Threading NNTP News Articles

In this article I will walk through how to create a news group browser in ASP.Net. To do so, I'll use the NNTP control that is included in IPWorks Specifically, I'll use the .Net Edition of IPWorks since I will be creating an ASP.Net application. The API of the NNTP control is uniform across all editions of IPWorks, so don't be afraid to read on if you are developing in some other language like Delphi, C++, or Visual Basic. To download the full code of the sample ASP.Net web application, click here.

Threading

Newsgroup articles are stored on the news server in order of arrival, not in order of message thread or subject. When displaying these articles for reading, I definitely do not want to display them in the order of arrival, but instead in a way that makes more sense to everyone: in a threaded layout. A threaded layout means that replies will fall under their parent message in that nice threaded tree view that everyone is used to. To do this, I'll download a large number of message headers and sort them into the correct order. This can be done by using the XMLDocument Object in VS.Net to store a tree of related messageid's.

Connect to NNTP Server and Download Message Headers

To connect to the server, I just set the NewsServer property of the NNTP component and call the Connect method.

	Nntp1.NewsServer = "msnews.microsoft.com"
	Nntp1.Connect()

Now that I'm connected, the next step is to download the message details of however many messages I want to thread. For this demo, I'll just download the newest 100 articles in the group. To do this I'll use the GroupOverview method of the NNTP component, which downloads the headers (subject, from, references, messageid, etc) of a range of articles specified in the OverviewRange property. After specifying the CurrentGroup property, the FirstArticle and LastArticle properties will have a value reflecting the numbers of the first and last articles in the group, respectively. I can use this to specify the most recent 100 articles in the OverviewRange property.

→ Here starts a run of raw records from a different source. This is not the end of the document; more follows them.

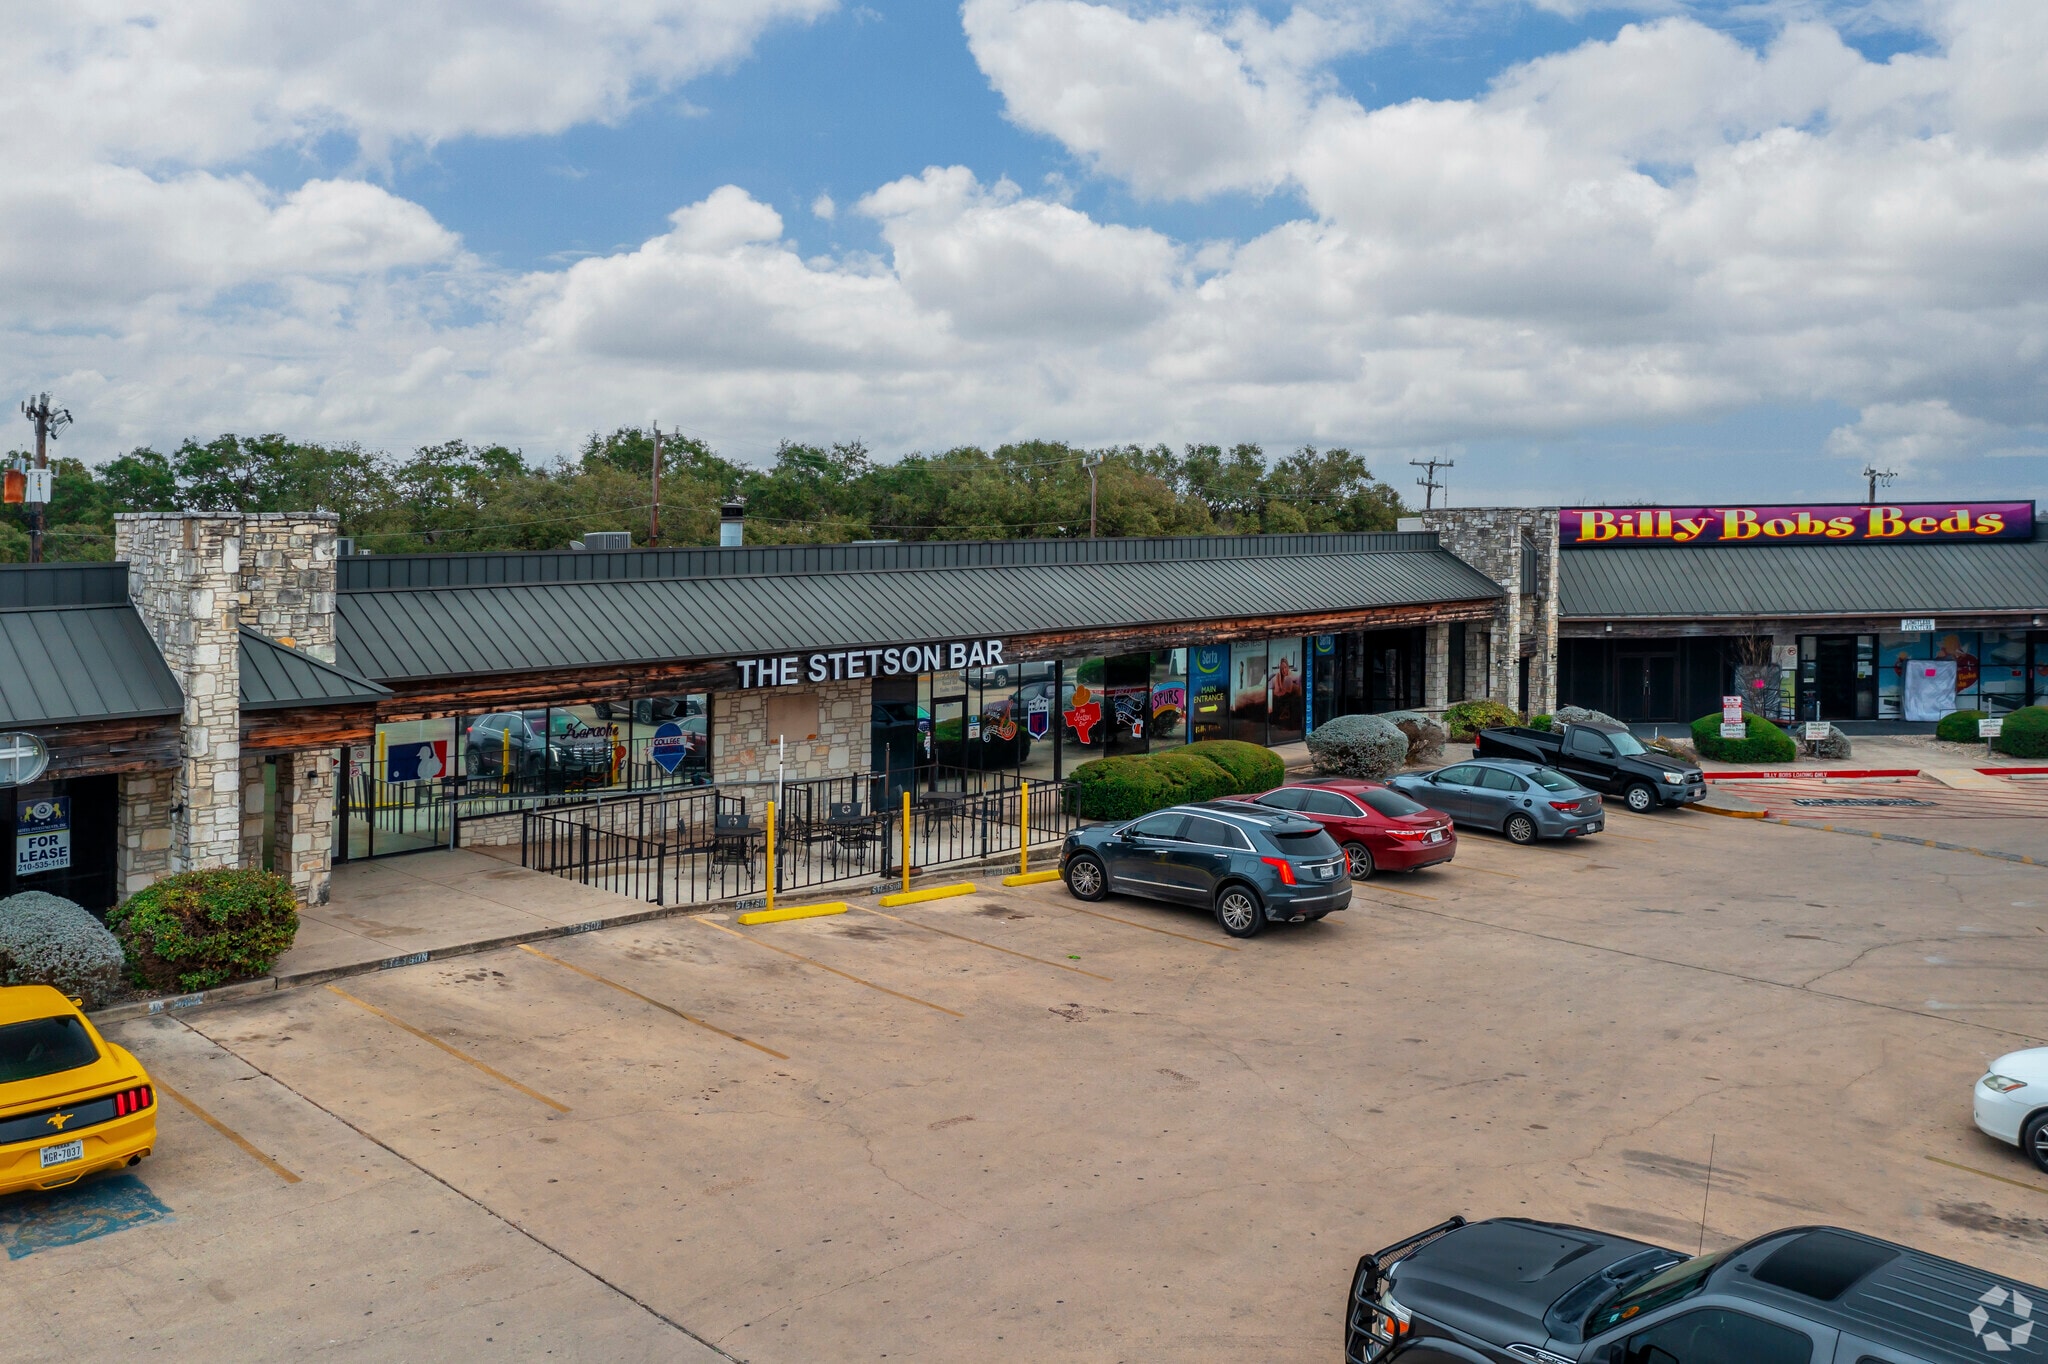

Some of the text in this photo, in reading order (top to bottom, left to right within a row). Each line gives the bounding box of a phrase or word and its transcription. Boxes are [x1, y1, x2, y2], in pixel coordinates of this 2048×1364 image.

[1572, 506, 2005, 542] Billy Bobs Beds
[737, 657, 798, 689] THE
[808, 645, 941, 682] STETSON
[949, 640, 1004, 669] BAR
[1202, 650, 1218, 664] Serta
[1201, 685, 1217, 694] MAIN
[1154, 689, 1179, 709] SPURS
[1193, 692, 1225, 703] ENTRANCE
[559, 720, 620, 740] Karaoke
[653, 737, 681, 746] COLLEGE
[28, 835, 58, 848] FOR
[20, 846, 67, 863] LEASE

Private Sub GetThreads(ByVal group As String)
    Nntp1.NewsServer = "msnews.microsoft.com"
    Nntp1.CurrentGroup = "microsoft.public.dotnet.languages.vb"
    Nntp1.Connect()
    
    Dim start as long = Nntp1.LastArticle - 100
    Dim end as long = Nntp1.LastArticle
    Nntp1.OverviewRange = start.ToString() + "-" + end.ToString()
    Nntp1.GroupOverview()
    
    Nntp1.Disconnect()
End Sub	

Creating The Tree

As a result of calling the GroupOverview method, the GroupOverview event will fire for each message in the OverviewRange. The GroupOverview method is a synchronous one so it will not return until all of the GroupOverview events have fired. The event provides me with the following details in the form of event parameters:

  • ArticleNumber - contains the number of the article within the group.
  • Subject - contains the subject of the article.
  • From - contains the email address of the article author.
  • ArticleDate - contains the date the article was posted.
  • MessageId - contains the unique message id for the article.
  • References - contains the message ids for the articles this article refers to (separated by spaces).
  • ArticleSize - contains the size of the article in bytes.
  • ArticleLines - contains the number of lines in the article.
  • OtherHeaders - contains any other article headers the news server provides for the article.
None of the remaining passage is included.